*** Opening Provided data ***

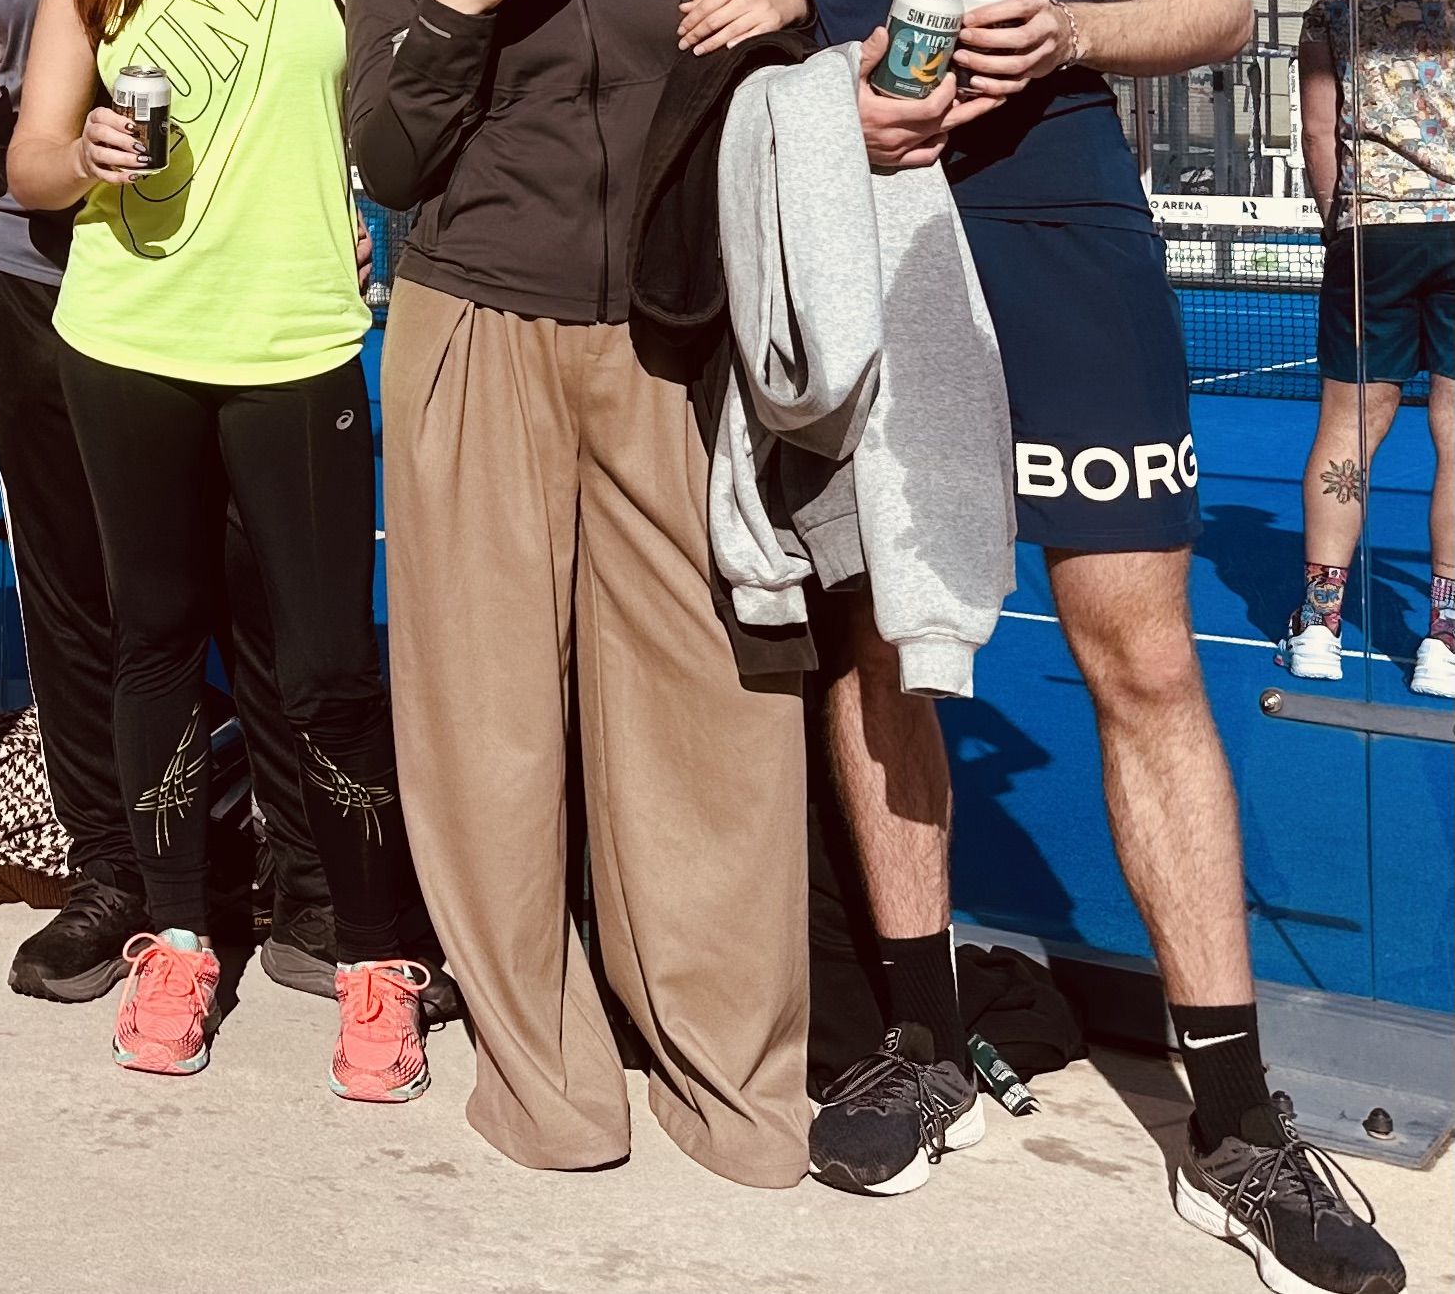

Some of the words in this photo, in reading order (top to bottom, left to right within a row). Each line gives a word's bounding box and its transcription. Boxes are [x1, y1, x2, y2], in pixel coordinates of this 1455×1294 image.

[907, 8, 924, 25] SIN
[913, 30, 952, 49] GUILA
[1162, 200, 1203, 211] ARENA
[1016, 433, 1199, 501] BORG
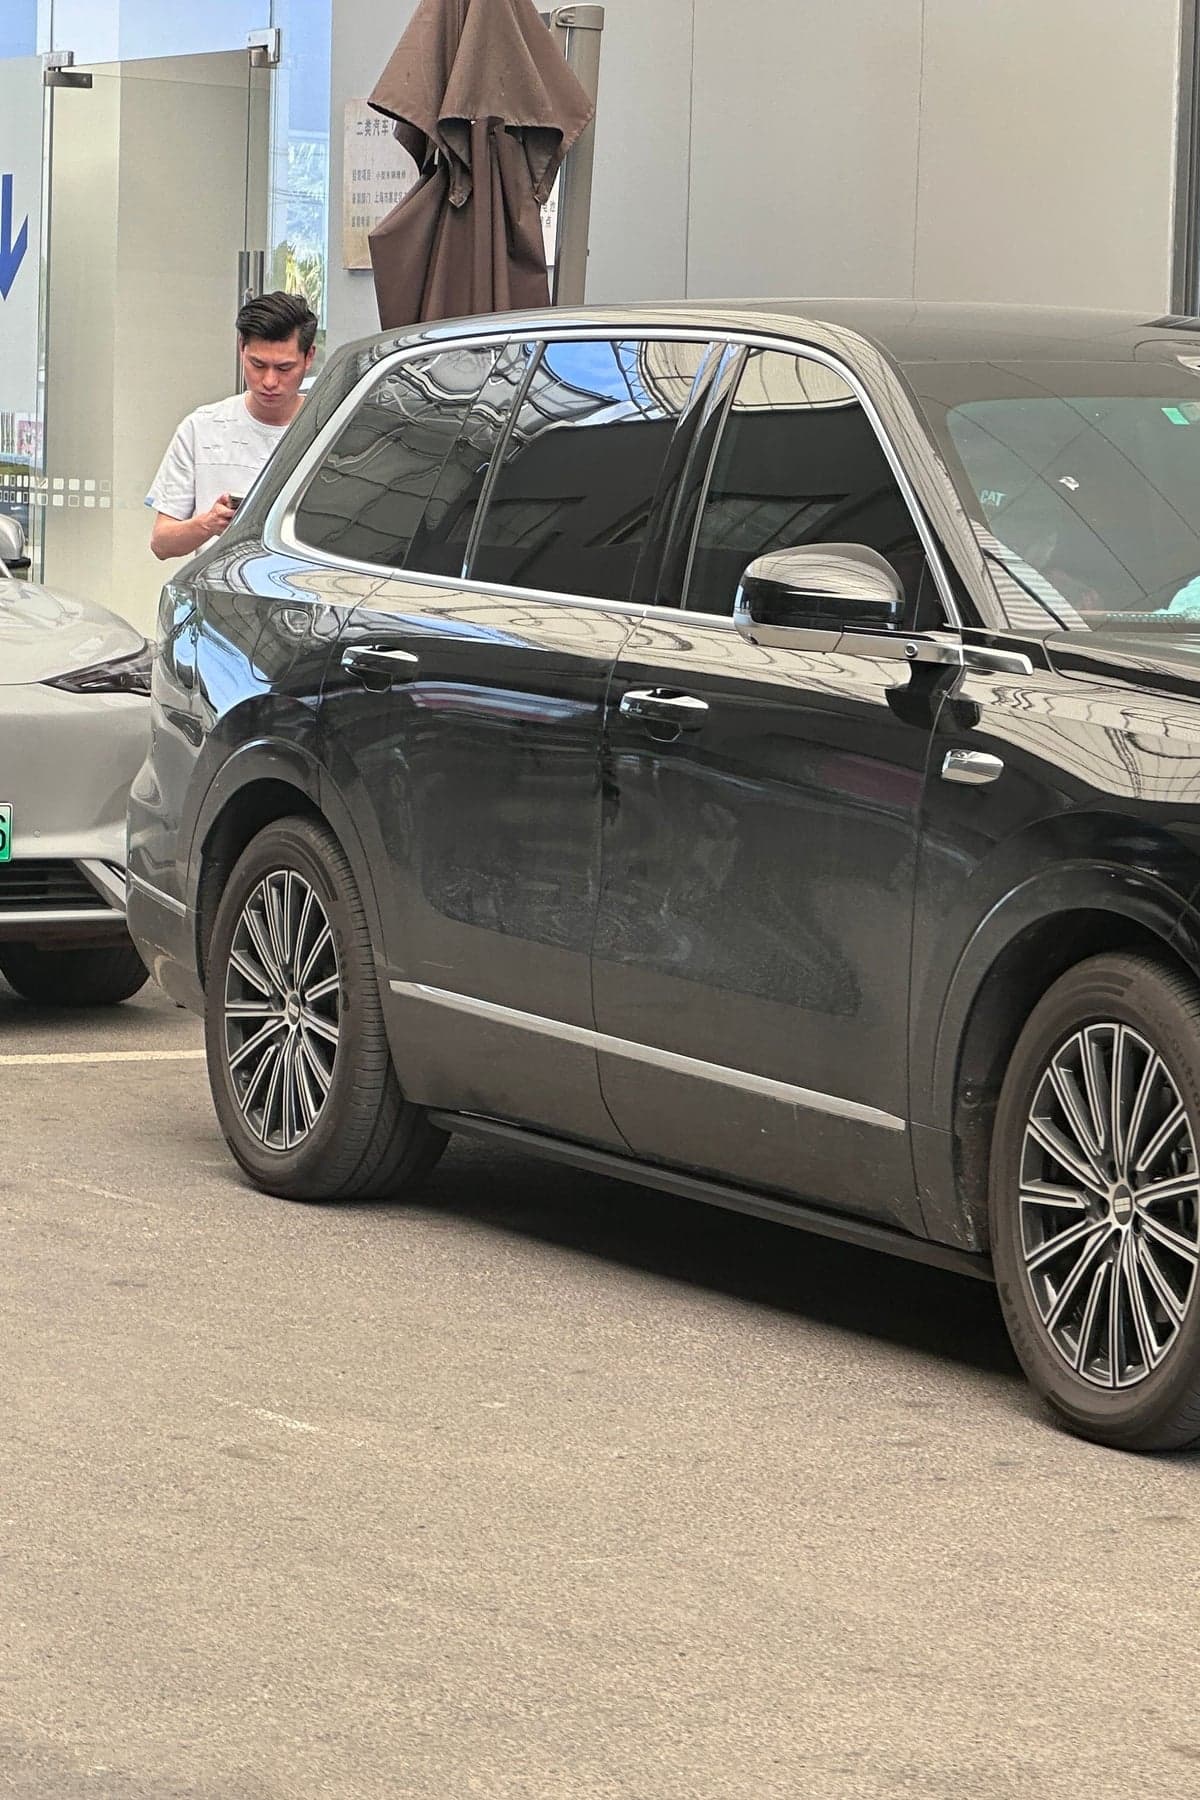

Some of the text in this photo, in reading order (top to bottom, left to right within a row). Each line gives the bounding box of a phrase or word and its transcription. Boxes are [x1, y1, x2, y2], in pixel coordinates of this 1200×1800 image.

[356, 118, 394, 136] 二类汽车
[980, 489, 1007, 507] CAT
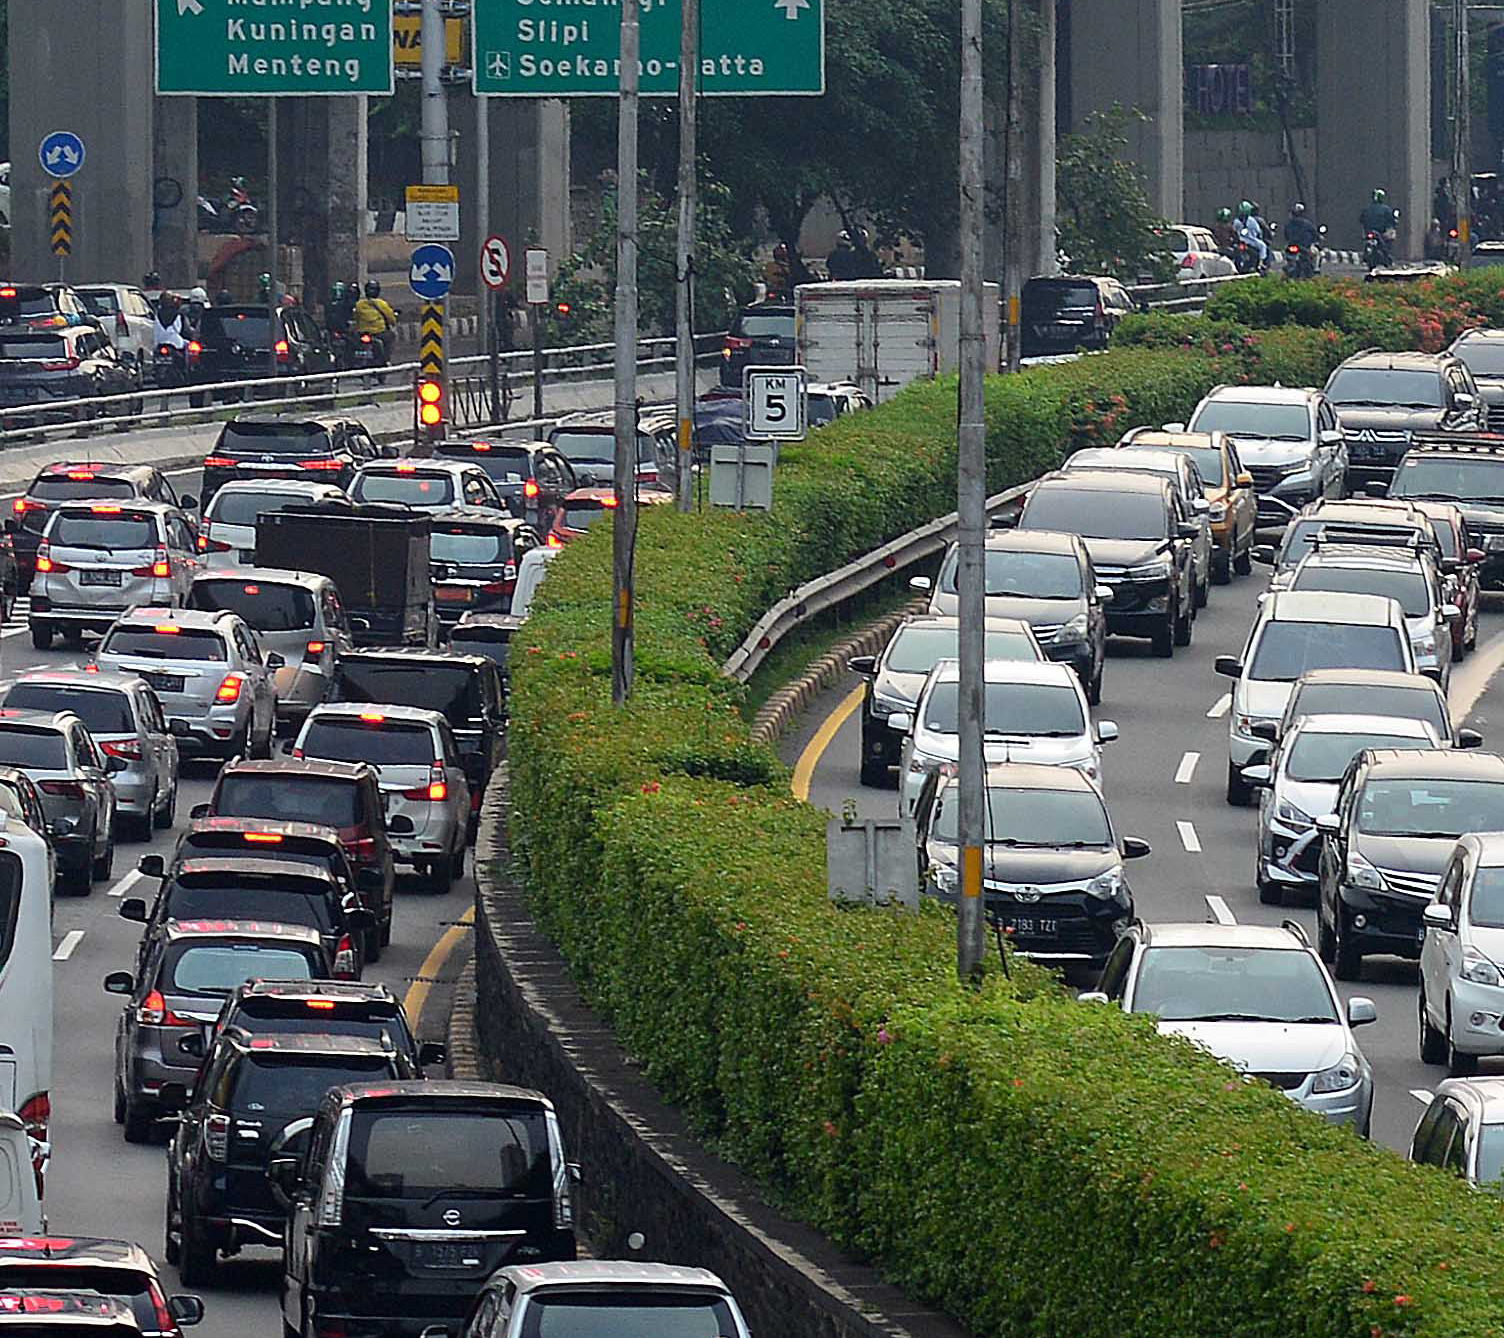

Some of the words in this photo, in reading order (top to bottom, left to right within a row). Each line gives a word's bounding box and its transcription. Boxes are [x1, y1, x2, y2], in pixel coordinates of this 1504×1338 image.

[227, 18, 376, 48] Kuningan
[517, 18, 589, 46] Slipi
[228, 53, 360, 82] Menteng
[519, 54, 765, 78] Soekaro-atta
[764, 378, 786, 390] KM
[765, 393, 787, 422] 5
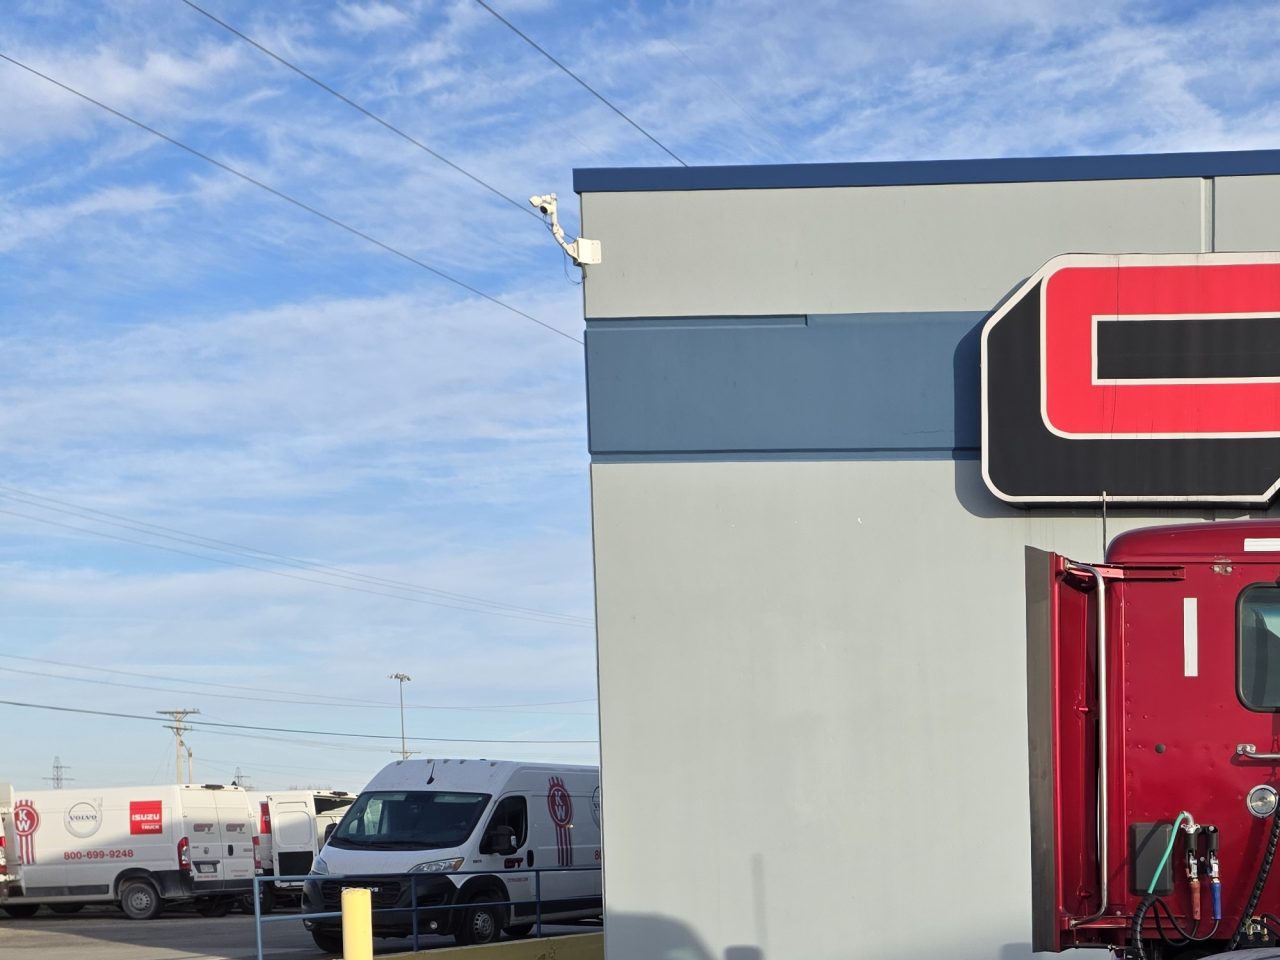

*** Closing Provided data ***

:: Problem to solve ::
Leaving the pictures out, set down exactly the lines from the one with "this 1504×1338 image." through the end of the records.

:: Reply ::
Some of the words in this photo, in reading order (top to bottom, left to right within a row). Each line gives a word's bounding box and its transcription. Boxes are [x1, y1, x2, y2], in pixel coordinates of this 1504×1338 image.

[227, 18, 376, 48] Kuningan
[517, 18, 589, 46] Slipi
[228, 53, 360, 82] Menteng
[519, 54, 765, 78] Soekaro-atta
[764, 378, 786, 390] KM
[765, 393, 787, 422] 5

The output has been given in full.